* [Brief]: Below are records to repeat exactly; do not include any pictures.

* [Input data]:
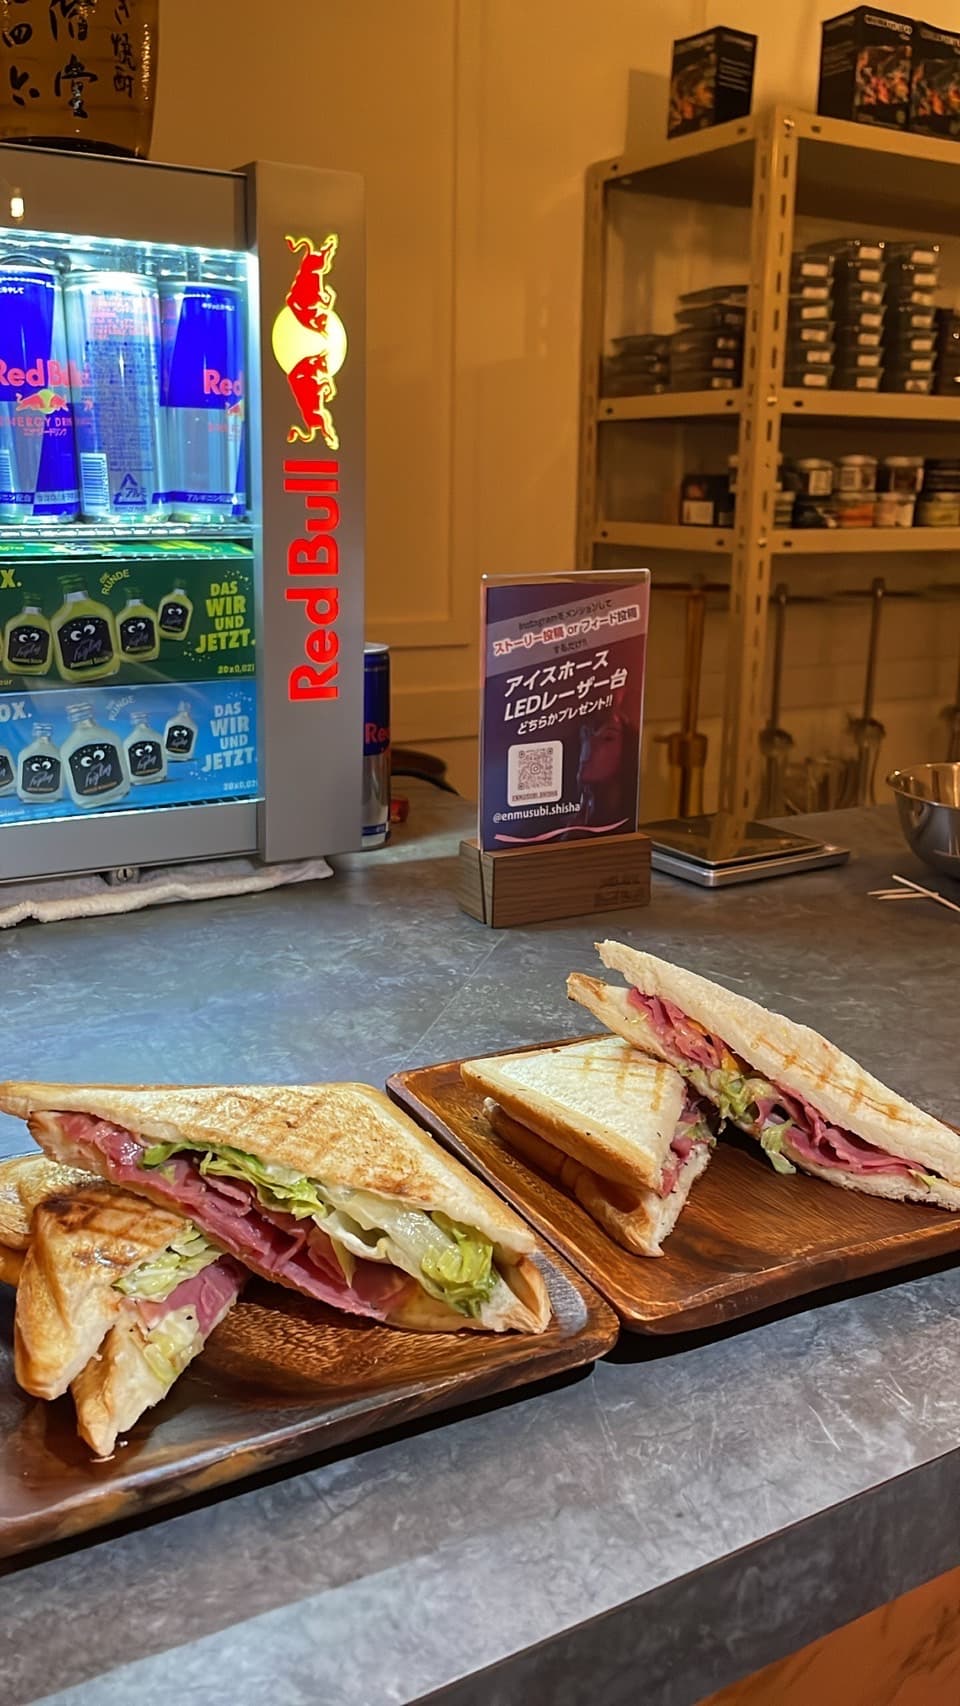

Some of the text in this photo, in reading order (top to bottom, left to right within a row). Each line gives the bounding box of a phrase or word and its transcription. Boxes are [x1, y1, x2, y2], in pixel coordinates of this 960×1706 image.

[0, 358, 45, 387] Red
[102, 569, 130, 595] RUNDE
[210, 581, 238, 597] DAS
[284, 459, 339, 703] Red Bull
[206, 596, 246, 617] WIR
[214, 616, 244, 631] UND
[494, 605, 640, 656] ストーリー投稿 or フィード投稿
[195, 629, 256, 654] JETZT.
[504, 650, 609, 698] アイスホース
[503, 668, 628, 722] LEDレーザー台
[214, 702, 242, 718] DAS
[210, 716, 249, 737] WIR
[220, 734, 248, 750] UND
[493, 802, 581, 824] @enmusubi.shisha

* [Solved exercise]:
Some of the text in this photo, in reading order (top to bottom, left to right within a row). Each line gives the bounding box of a phrase or word and its transcription. Boxes are [x1, y1, x2, y2], in pixel coordinates of this 960×1706 image.

[0, 358, 45, 387] Red
[102, 569, 130, 595] RUNDE
[210, 581, 238, 597] DAS
[284, 459, 339, 703] Red Bull
[206, 596, 246, 617] WIR
[214, 616, 244, 631] UND
[494, 605, 640, 656] ストーリー投稿 or フィード投稿
[195, 629, 256, 654] JETZT.
[504, 650, 609, 698] アイスホース
[503, 668, 628, 722] LEDレーザー台
[214, 702, 242, 718] DAS
[210, 716, 249, 737] WIR
[220, 734, 248, 750] UND
[493, 802, 581, 824] @enmusubi.shisha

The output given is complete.